Transferencias ‘espejo’ para evitar el rastreo de EU, así fue como Ruhuan Zhen y Hongce Wu, dos ciudadanos chinos, lavaron dinero para el Cártel de Sinaloa y el Cártel Jalisco Nueva Generación (CJNG) durante nueve años.
La acusación formal, presentada en el Distrito Este de Virginia, en Estados Unidos, apunta a que los chinos contaban con estrategias cifradas para ‘limpiar’ enormes cantidades de efectivo de operaciones del narco.
Por ahora se sabe poco de ellos, solo que operaban en Estados Unidos, México, China y otros países de Latinoamérica.
El Departamento de Justicia de Estados Unidos no confirmó algunas de las primeras versiones, sobre si Ruhuan Zhen y Hongce Wu huyeron a China, país que no tiene tratado de extradición con la administración Trump.
Aunque las autoridades estadounidenses aseguraron la semana pasada que existe una mejor relación bilateral, por ahora no existe información que confirme que la administración de Xi Jinping esté ayudando a los operadores del CJNG y el Cártel de Sinaloa, además de que se desconoce la región china de dónde provienen.
La DEA operó en Oriente Medio para dar con los chinos que lavaban dinero al CJNG
El operativo que dio con la acusación contra las personas chinas vinculadas al CJNG y al Cártel de Sinaloa fue resultado de la coordinación de oficinas de la DEA, como parte de la operación ‘Take Back America’ contra las drogas.
De acuerdo con South China Morning Post, las oficinas de la DEA involucradas se encuentran en ciudades como Nueva York, Washington, Atlanta, Charleston y Memphis en Estados Unidos, además de Bogotá, Colombia, y Dubái, en Emiratos Árabes Unidos.
Transferencias espejo: Así fue como dos chinos lavaron dinero para el CJNG y el Cártel de Sinaloa
Ruhuan Zhen y Hongce Wu lavaron dinero durante casi una década con las transferencias espejo, un método con el que lograron burlar la estricta vigilancia del Departamento del Tesoro.
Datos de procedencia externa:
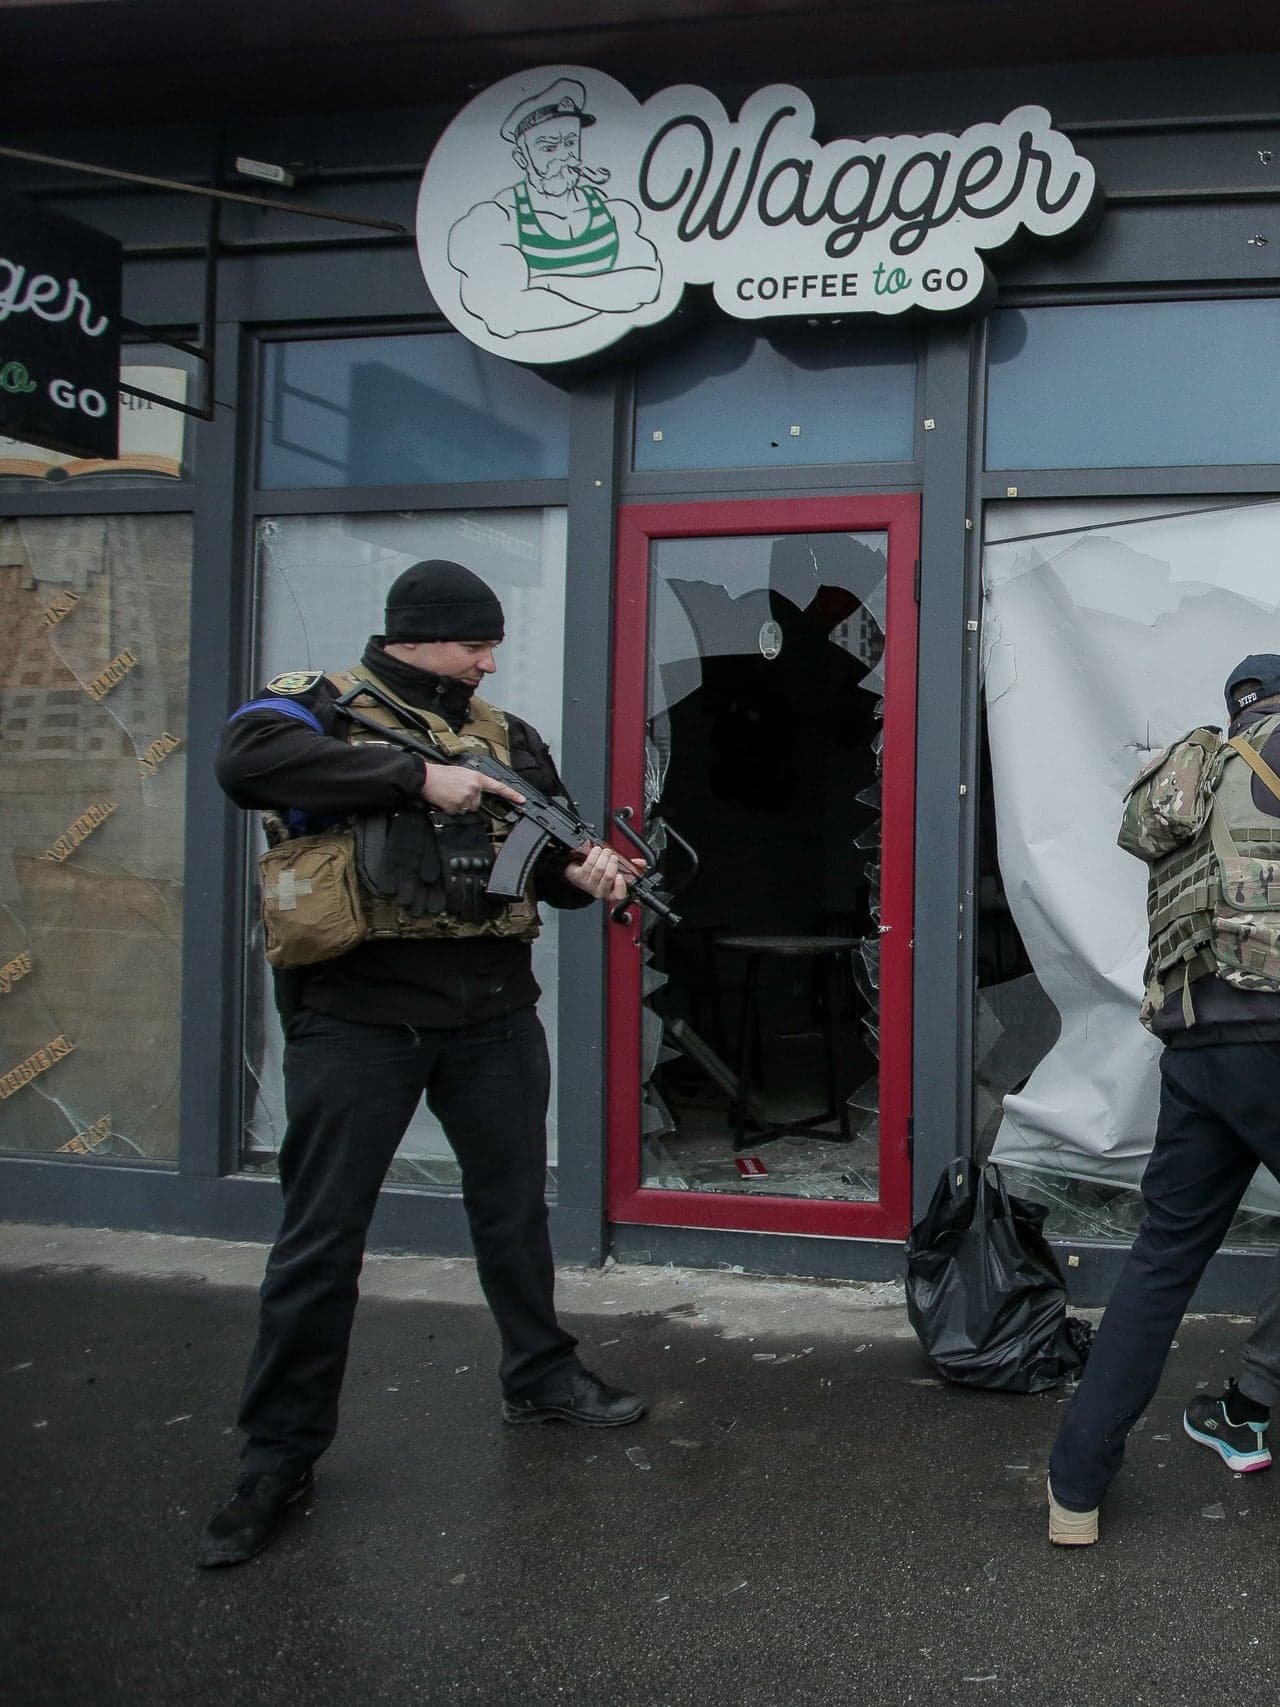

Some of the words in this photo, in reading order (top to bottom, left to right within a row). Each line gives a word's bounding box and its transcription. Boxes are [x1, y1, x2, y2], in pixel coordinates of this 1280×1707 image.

[638, 105, 1081, 259] Wagger
[735, 272, 859, 302] COFFEE
[872, 261, 913, 296] to
[921, 267, 969, 293] GO
[49, 378, 108, 418] GO
[1237, 692, 1258, 708] NYPD
Con este método se dificulta el rastreo de fondos dentro de la red global conocida como Swift, y quienes realizan estos delitos tienen cuentas en dos países o más.
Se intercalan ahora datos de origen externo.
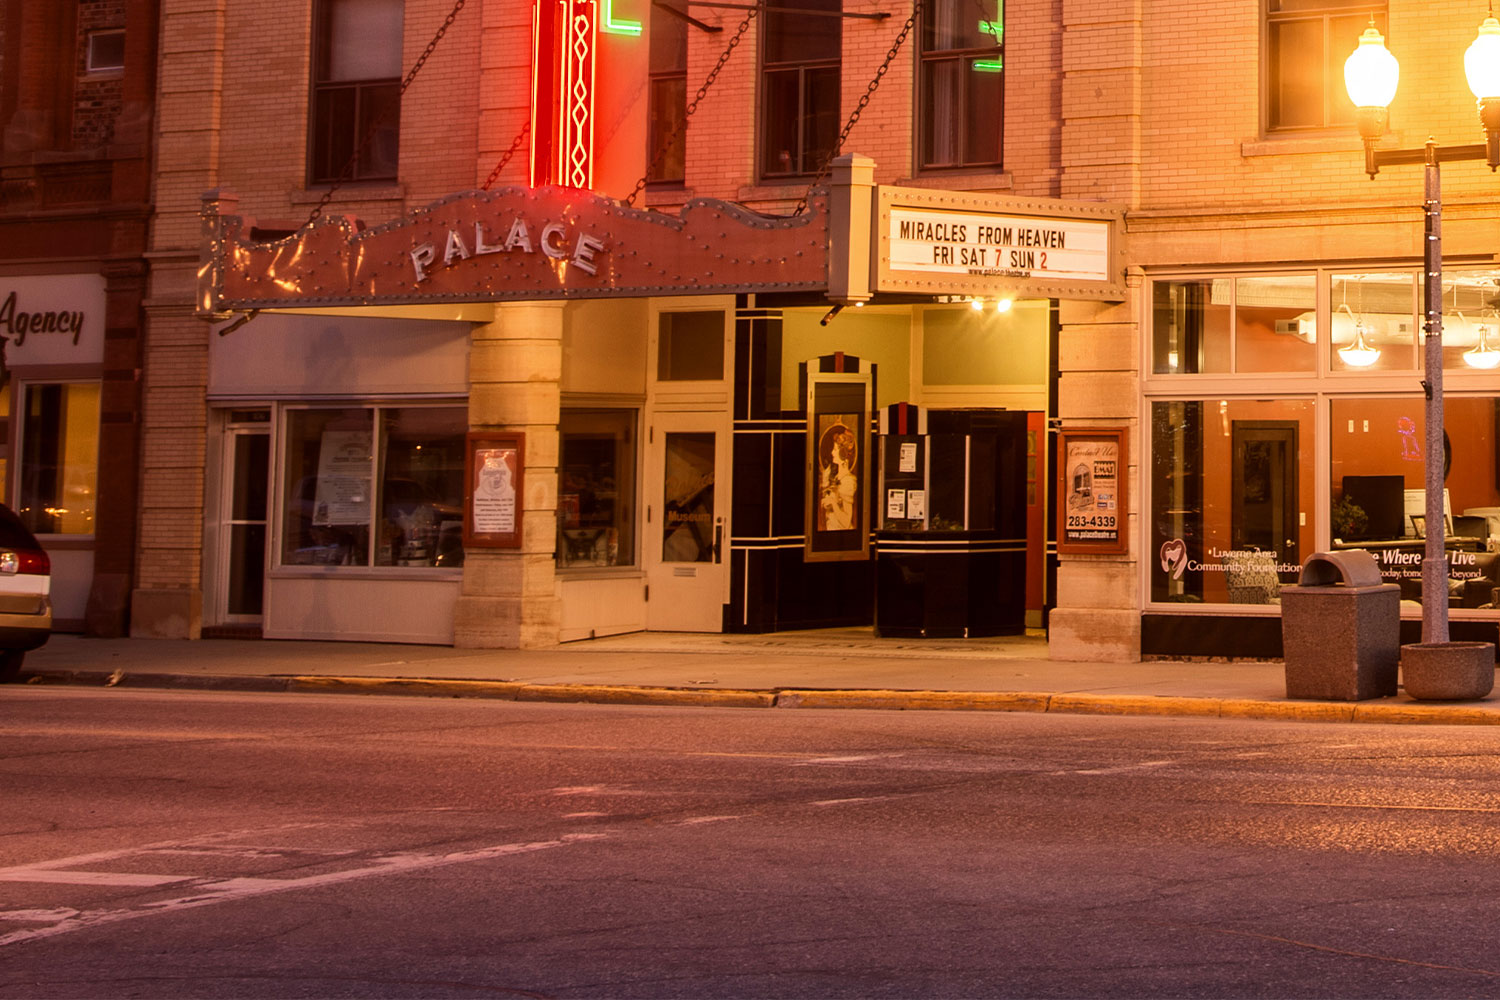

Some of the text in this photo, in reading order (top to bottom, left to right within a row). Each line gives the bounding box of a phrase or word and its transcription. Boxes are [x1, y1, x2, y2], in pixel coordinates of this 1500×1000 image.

Las transferencias se realizan entre las cuentas aparentemente desconectadas, con lo que se rompe el rastro documental y se oculta el origen del dinero.
Sumado a estas cuentas bancarias en el extranjero, se utilizan aplicaciones de comunicación cifrada como WhatsApp y Signal, donde se compartía la información relacionada a los movimientos.
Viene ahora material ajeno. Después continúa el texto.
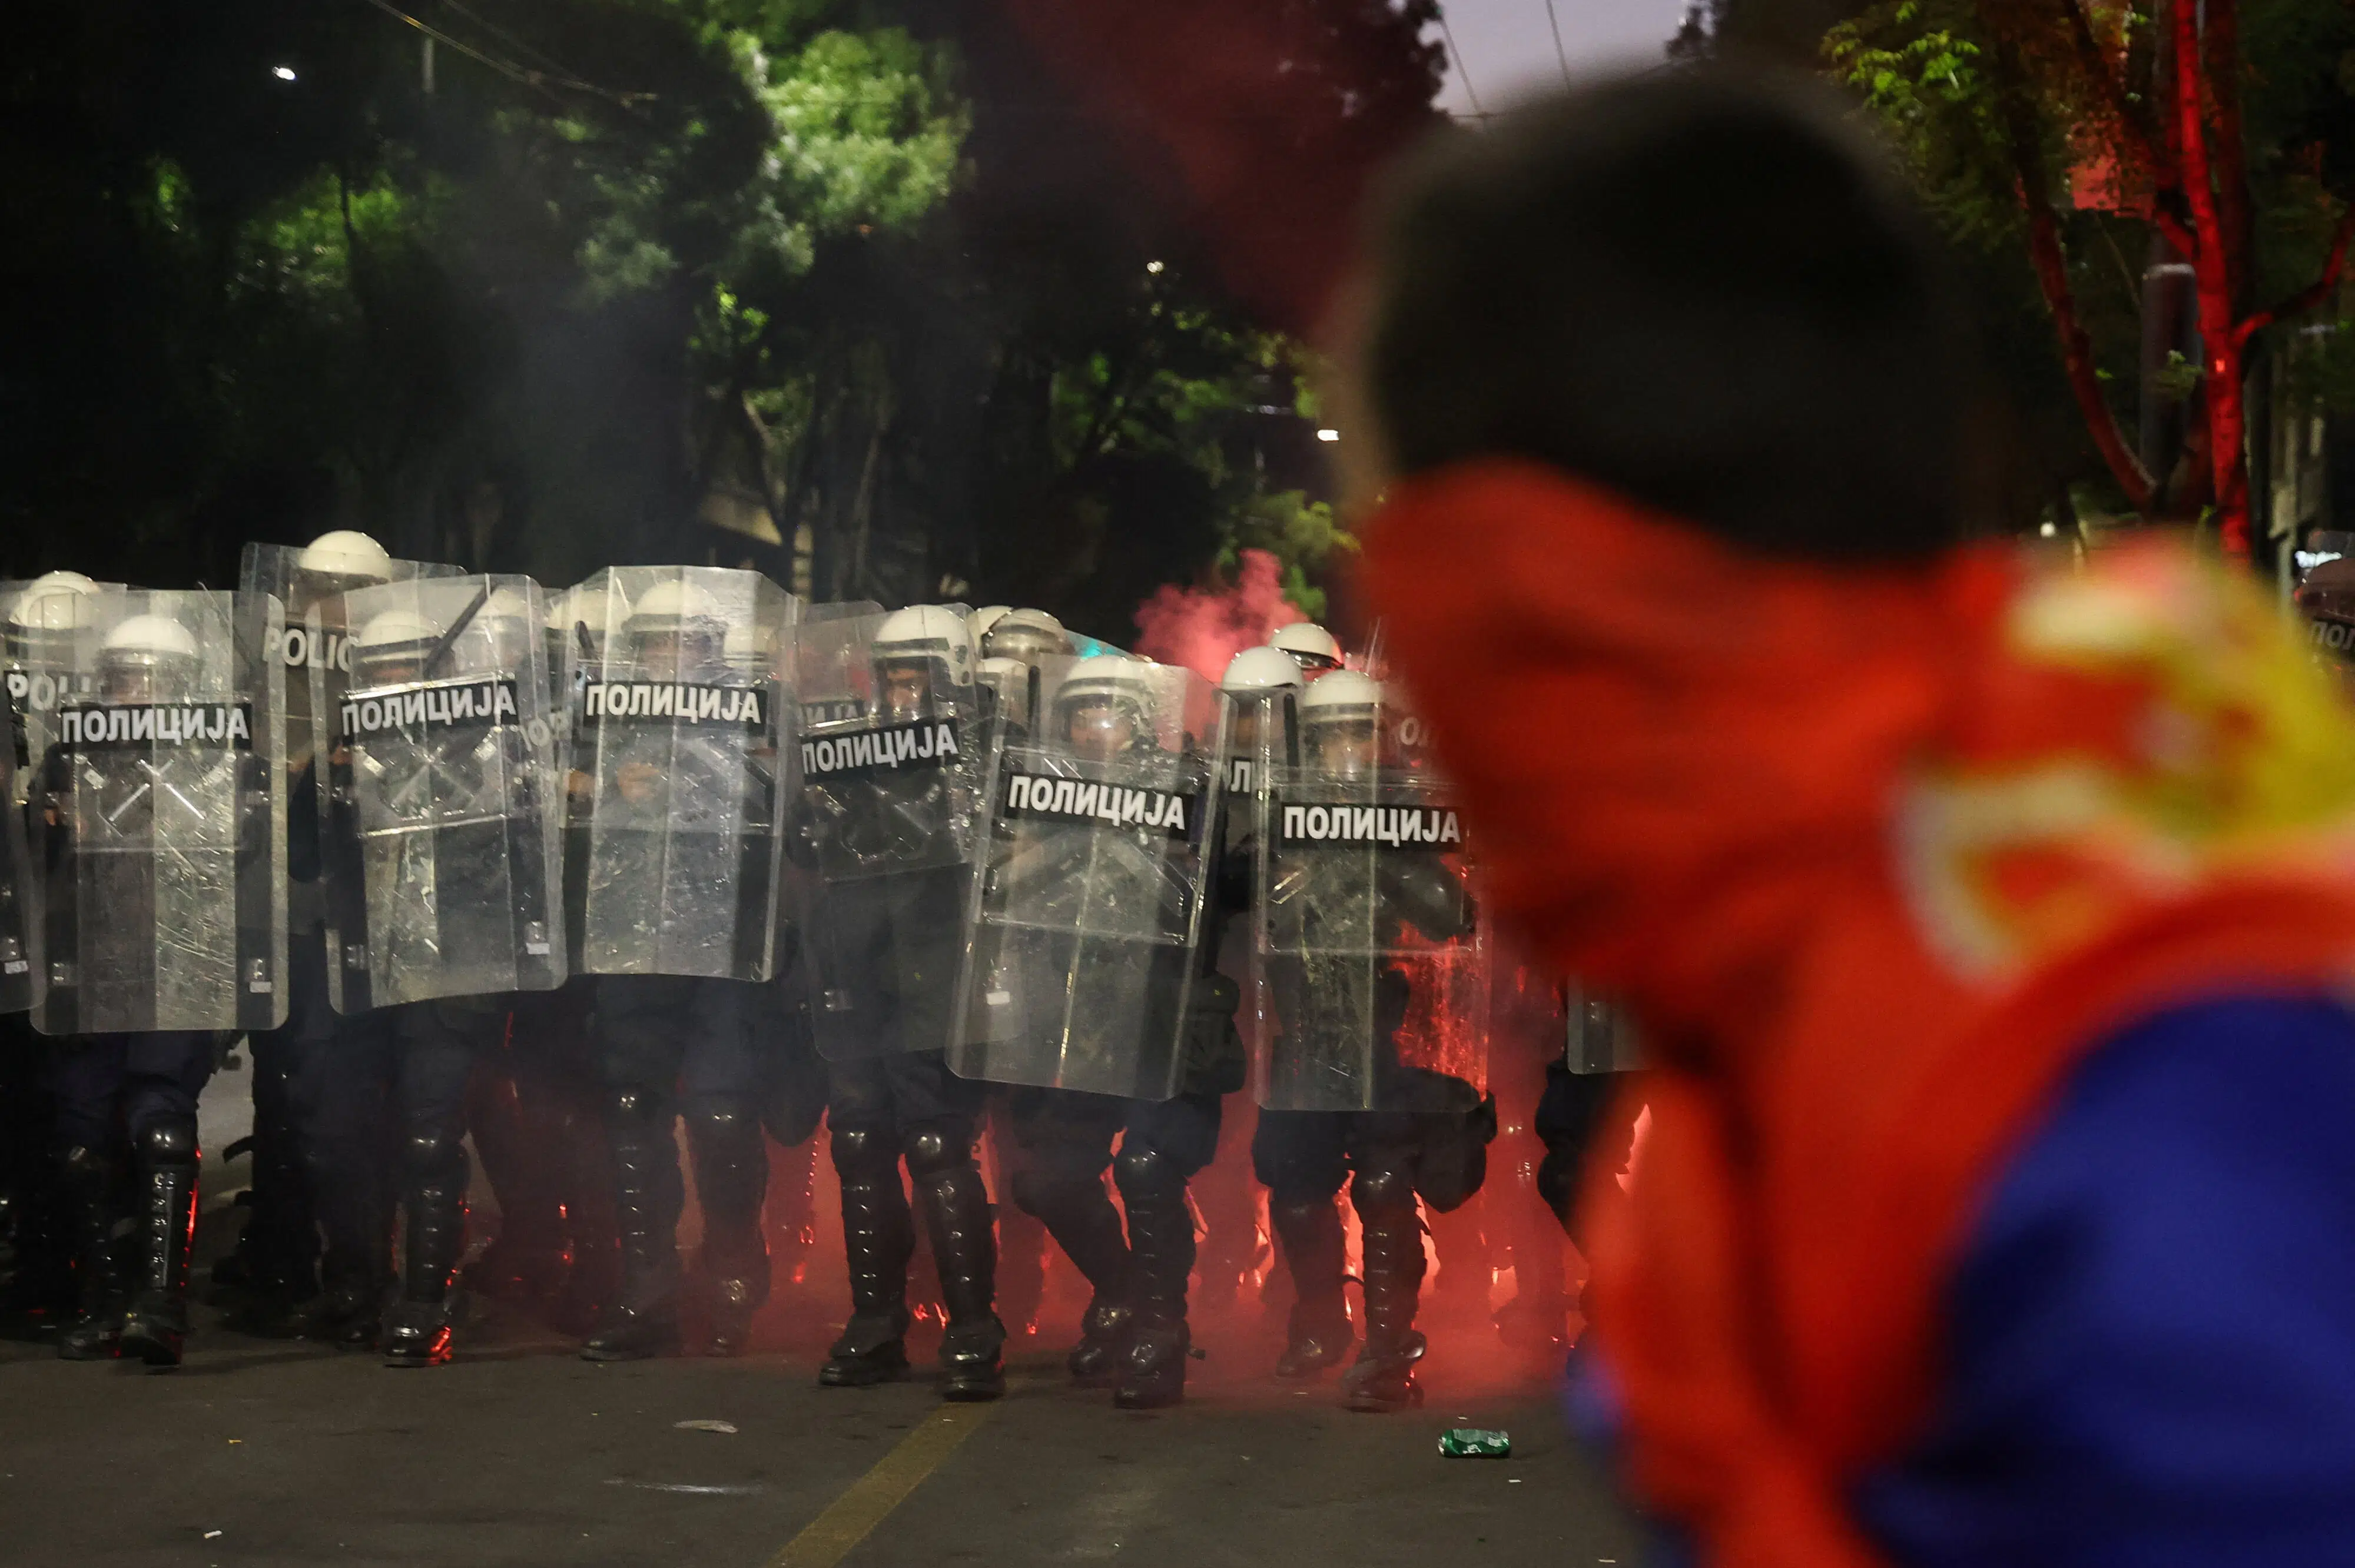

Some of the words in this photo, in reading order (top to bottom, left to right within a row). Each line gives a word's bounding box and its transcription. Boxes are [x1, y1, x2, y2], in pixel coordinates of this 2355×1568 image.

Otro de los métodos presuntamente utilizados era el lavado de dinero en comercios, una maniobra en la que se infla o reduce artificialmente el valor de importaciones legítimas, con lo que se falsean precios, cantidades o calidad, mientras el excedente oculto de documentos facilita las transferencias del dinero ilícito.
En China se le conoce como ‘comercio fantasma’, y se usa no solo por el crimen organizado, sino por personas adineradas, con el fin de evadir el límite anual de 50 mil dólares en transferencias al extranjero, ante la estricta regulación de salida de capitales en el gigante asiático.
Este método de lavado de dinero funciona al evitar sistemas de verificación de números de serie o identidad, a través del engaño a mecanismos que protegen cuentas o rastrean números de billetes, principalmente de dólares, así como activos digitales o documentos oficiales.
Con información de South China Morning Post y Bloomberg.